If you’re new to my blog – I’m the Founder/Executive Director/Everything for four non-profits. I’m a single mom to a 3 year old and am very involved in his life. In addition I’m actively involved with several other non-profits and actually try to have a life every once in awhile. Why am I telling you this? Because effective time management is how my entire life runs!

This can be hard when you’re the Founder and/or Director of a non-profit. There is always a list a mile long of things that must be accomplished. This list magically grows longer faster than you can cross anything off.  Everything on it is important and in many cases, lives depend on your ability to get your job done in a timely manner. If you’re a one or two person shop, your list encompasses every aspect of running a non-profit – all of which are necessary and important components of a successful organization. So how do you get them all done?

  • Keep a giant wall calendar in your office or wherever you spend the most time. I’m old school when it comes to this – smartphones, Outlook, or any other digital calendar just don’t give me the complete picture I really need. I have each month up on the wall and I plot out every part of every project as well as my personal plans for the entire year. I add to and change it all the time. It may take up a lot of space, but it’s what keeps me from missing deadlines. Obviously I still use the calendar on my Blackberry and sync it with Outlook, but those are just an adjunct to the heavy lifter – my traditional paper calendar.
  • Never spend more than 90 minutes on any project at one time. After the first 35 minutes take a 10 minute break to answer emails and after the next 35 minutes take a 10 minute break to give twitter and facebook some attention. Then no matter how much work you have left to do on that project, move onto the next thing on your “must-do” list for the day. This is a really important rule for me – it’s how I juggle all four of my non-profits, parent, blog, tweet, facebook, foursquare, maintain my house & friendships all in the same day every day. The only thing that gets more than an hour and a half of my time at once is my son. He’s not a project – he’s my life.
  • Learn to ask for help. Learn to be okay with accepting it. Understand that it doesn’t mean you’re not effective or good at your job – it means you’re human. We all are! No one is a superhero or a deity so don’t try to be one. If you know me personally, you know that above all else this is what I have to repeat to myself the most! I’m implementing this by expanding the scope of volunteer and Board roles in my organizations and by getting young, smart and energetic interns from local colleges and universities.
  • Put yourself on your to-do list. The time you spend on any one project will be more productive if you’re not ready to fall over, pull your hair out, or cry from sheer exhaustion and stress. Seriously – if it’s your job to take care of and/or lead other people, the person you need to take the best care of is yourself because your constituents depend on…you!
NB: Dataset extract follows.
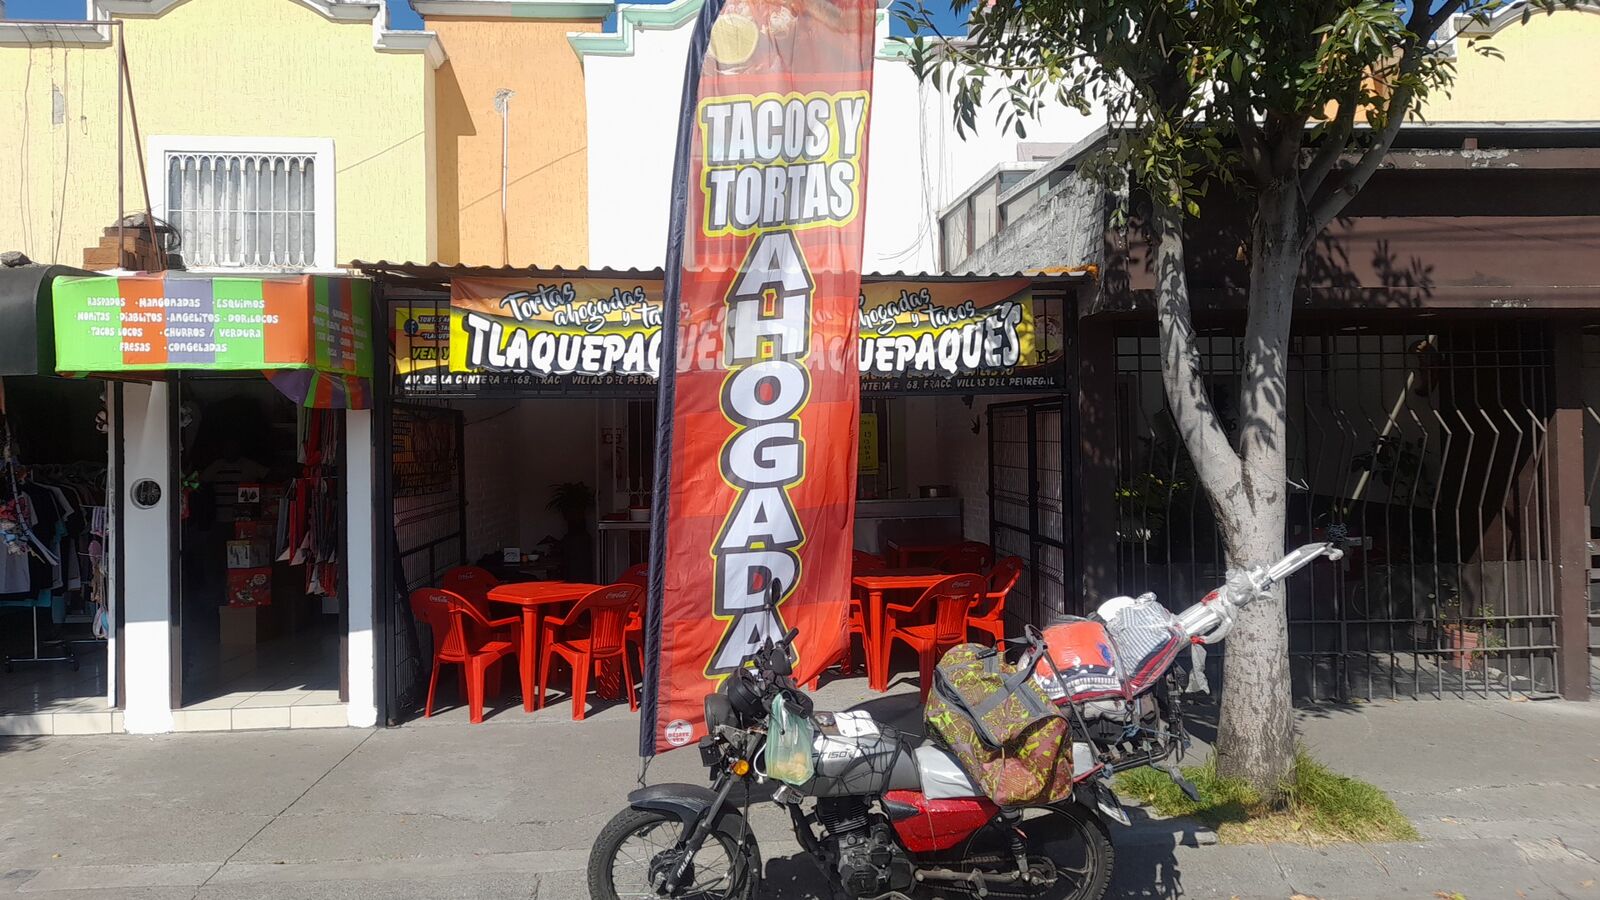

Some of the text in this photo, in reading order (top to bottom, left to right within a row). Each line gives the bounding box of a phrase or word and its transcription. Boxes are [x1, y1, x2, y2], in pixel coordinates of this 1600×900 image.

This is how I get everything done, but I should point out that all I said was I get everything done. I do not get everything done right away because, well, that would be impossible! Sometimes I don’t even get things done as quickly as I want to (like publishing this blog).

What are your best practices for time management and productivity? We talked a lot about this at the NTEN Conference in the Social Media Vets Affinity Group. If you were there (or even if you weren’t) I’d love you to add your tips in the comments box below…John Haydon, I’m especially looking at you!